(Free-text object descriptions)

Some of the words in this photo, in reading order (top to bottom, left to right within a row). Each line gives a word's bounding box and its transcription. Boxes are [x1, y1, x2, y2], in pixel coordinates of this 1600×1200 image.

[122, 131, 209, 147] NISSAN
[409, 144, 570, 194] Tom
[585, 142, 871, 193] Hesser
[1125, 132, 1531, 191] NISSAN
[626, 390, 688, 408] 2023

EXERCISE INSTRUCTIONS -
Exactly reproduce every record.

RESPONSE BOX -
Some of the words in this photo, in reading order (top to bottom, left to right within a row). Each line gives a word's bounding box and its transcription. Boxes are [x1, y1, x2, y2], in pixel coordinates of this 1600×1200 image.

[122, 131, 209, 147] NISSAN
[409, 144, 570, 194] Tom
[585, 142, 871, 193] Hesser
[1125, 132, 1531, 191] NISSAN
[626, 390, 688, 408] 2023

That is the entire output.